Snapshot - 05 January 2026
Markets opened firmer on weather risk. The post-Christmas cold is forecast to persist, lifting UK Week-Ahead baseload by around £22.08/MWh day on day. EU storage withdrawals near 5.9 TWh per day underline tighter near-term balances, while Summer 26 NBP firmed about 1.2 p/th to around 66.89 p/th. LNG supply and broadly steady Norwegian flows continue to temper upside.
Gas strengthened on colder conditions and low wind in early January, increasing reliance on storage and short-haul flows. Norwegian nominations are broadly stable in the low-to-mid-330 mcm per day range and regas remains robust, supported by elevated US feedgas and multiple UK arrivals scheduled through January. The prompt remains sensitive to further wind downgrades or sharper heating demand.

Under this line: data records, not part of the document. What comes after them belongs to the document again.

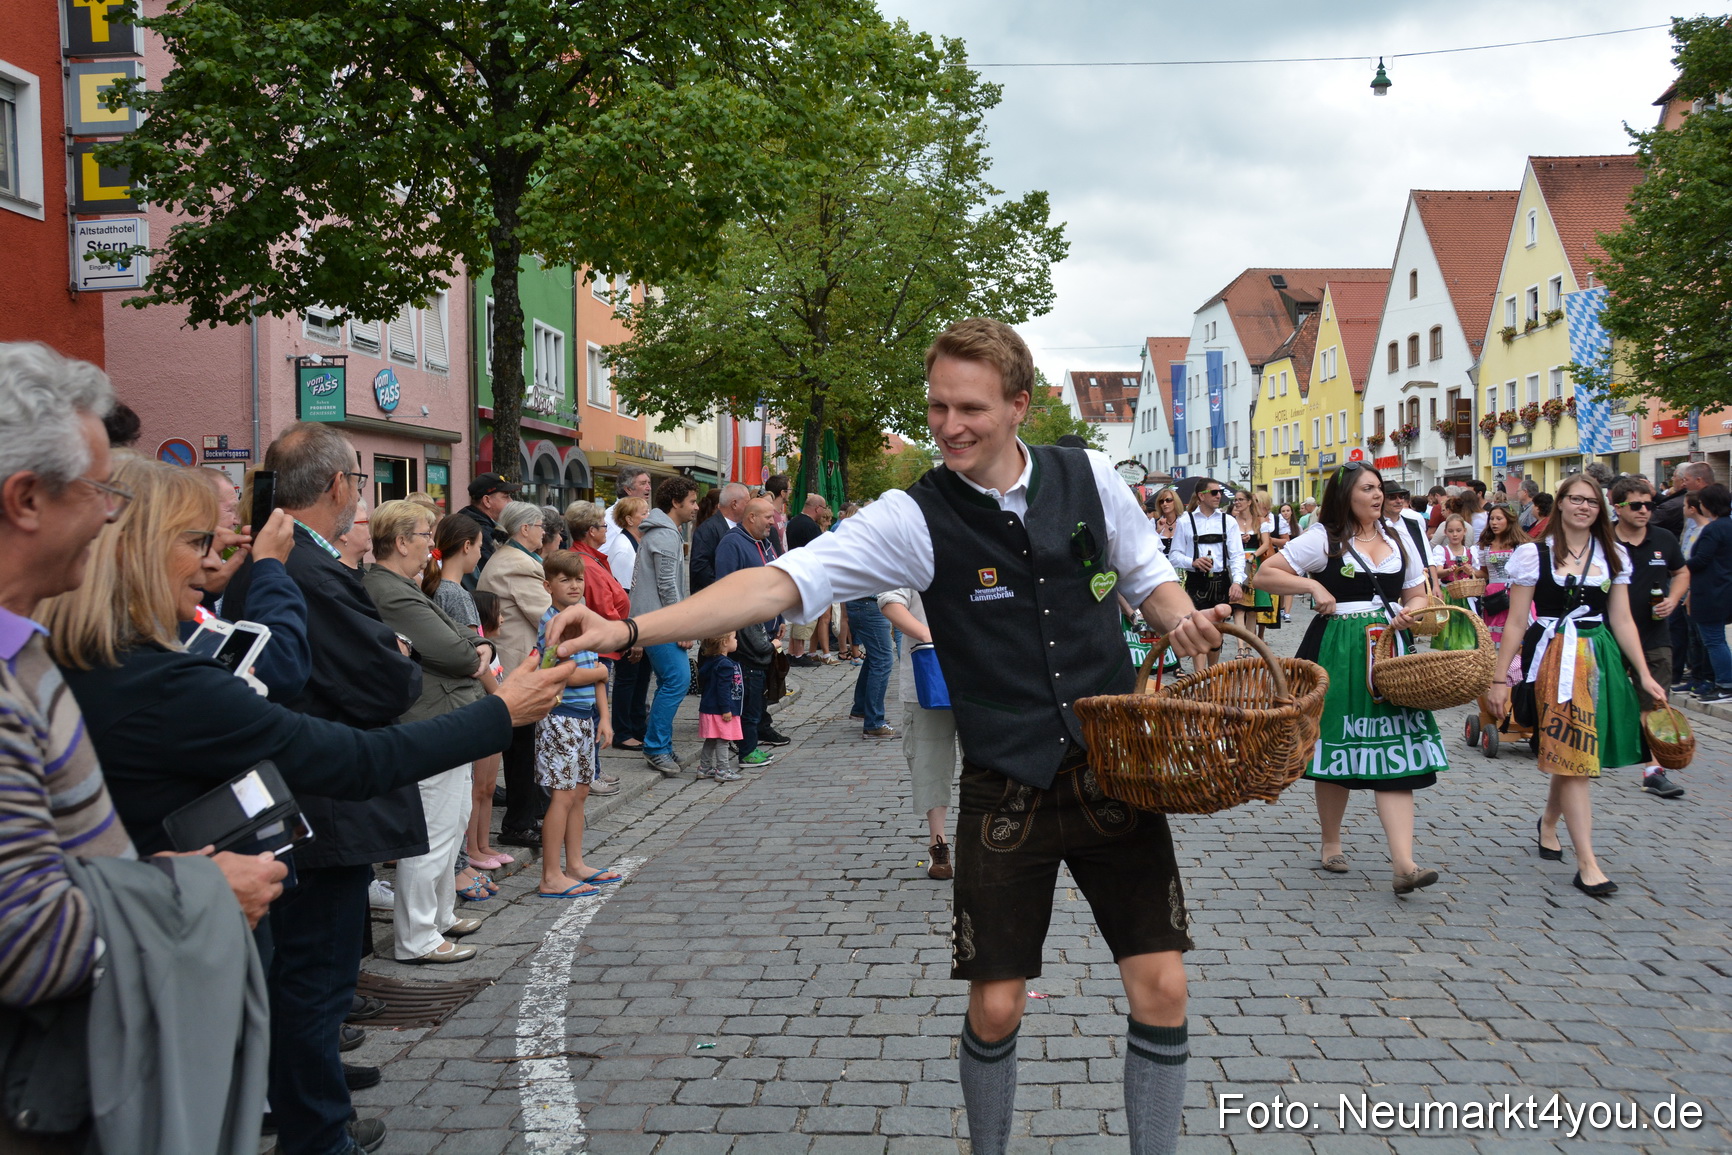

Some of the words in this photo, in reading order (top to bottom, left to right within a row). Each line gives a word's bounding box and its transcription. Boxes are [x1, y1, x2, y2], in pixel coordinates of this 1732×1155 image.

[79, 224, 135, 236] Altstadthotel
[87, 240, 128, 253] Stern
[312, 379, 338, 396] FASS
[379, 383, 400, 406] FASS
[205, 450, 249, 459] Bockwirtsgasse
[1495, 449, 1504, 462] P
[974, 585, 1008, 594] Neumarkter
[970, 590, 1014, 602] Lammsbräu
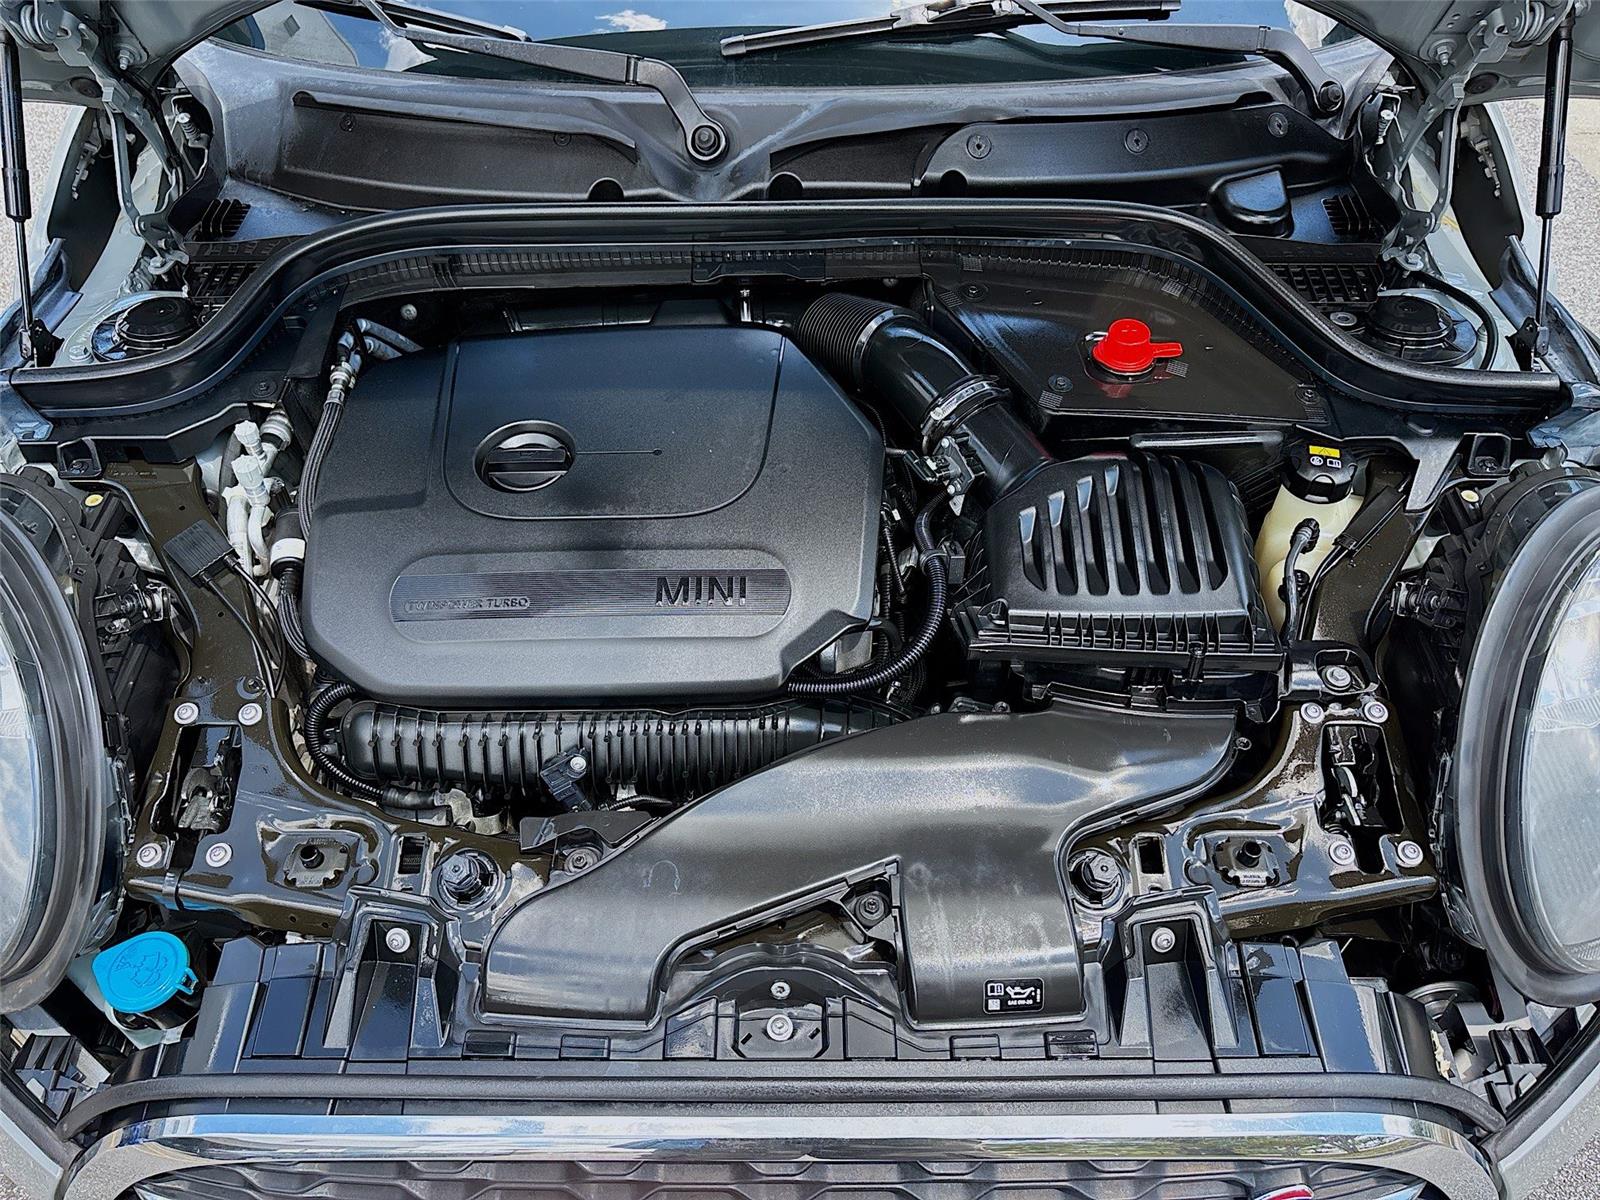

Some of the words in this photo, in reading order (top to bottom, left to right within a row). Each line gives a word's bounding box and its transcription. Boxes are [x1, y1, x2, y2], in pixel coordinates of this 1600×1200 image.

[655, 575, 746, 606] MINI
[407, 599, 483, 611] TWINPOWER
[487, 597, 528, 608] TURBO
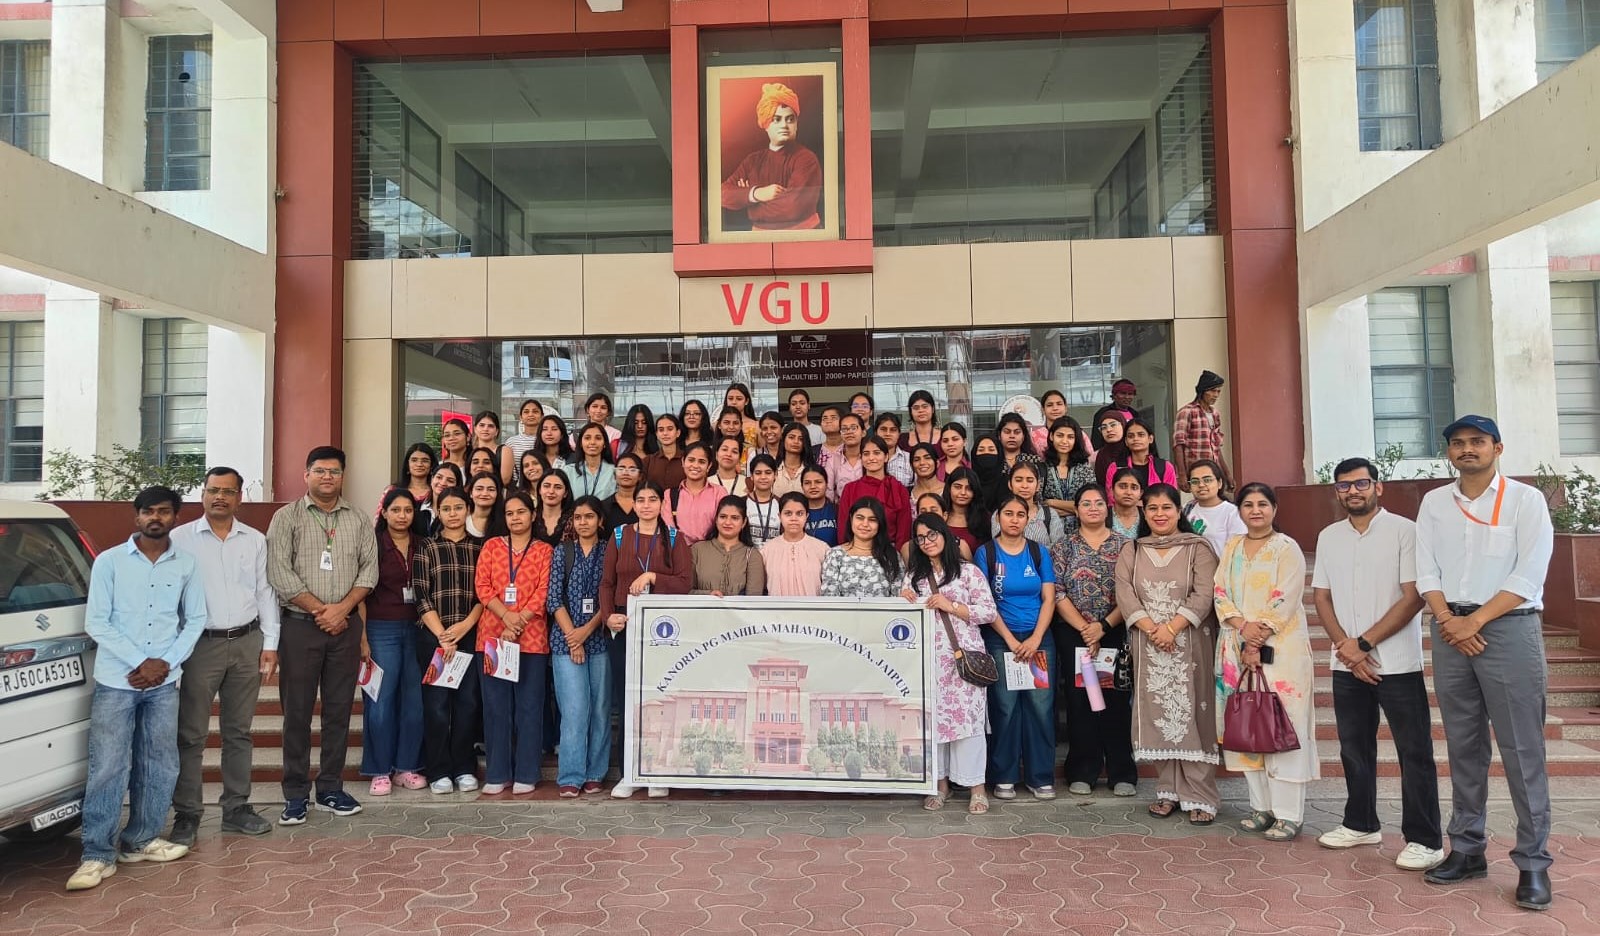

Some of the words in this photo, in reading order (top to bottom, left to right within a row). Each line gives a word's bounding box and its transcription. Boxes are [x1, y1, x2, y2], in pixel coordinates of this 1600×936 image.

[721, 281, 830, 326] VGU
[719, 361, 761, 371] DRMS
[810, 358, 853, 368] STORIES
[860, 356, 882, 366] ONE
[884, 354, 945, 366] UNIVERSITY
[3, 660, 80, 692] RJ60CA5319
[656, 648, 702, 693] KANORIA
[702, 637, 719, 652] PG
[720, 624, 768, 643] MAHILA
[875, 658, 910, 698] JAIPUR
[37, 802, 82, 825] WAGON

Power tracked gas higher at the front, with the biggest move in week-ahead as residual load tightened and wind dipped. Interconnectors remain responsive, and higher French demand under the cold snap is lifting regional coupling at peaks. Day-ahead volatility is elevated while wind remains variable, with models still pointing to a milder Atlantic flow later next week.
Oil stayed range-bound on surplus signals. Carbon remained bid into the auction pause, with EUAs firm and UKAs grinding higher on colder burn and linkage sentiment, narrowing the UKA–EUA spread. One swing factor for gas is Russia’s constrained Arctic LNG 2 exports, which remain limited by ice-class shipping capacity.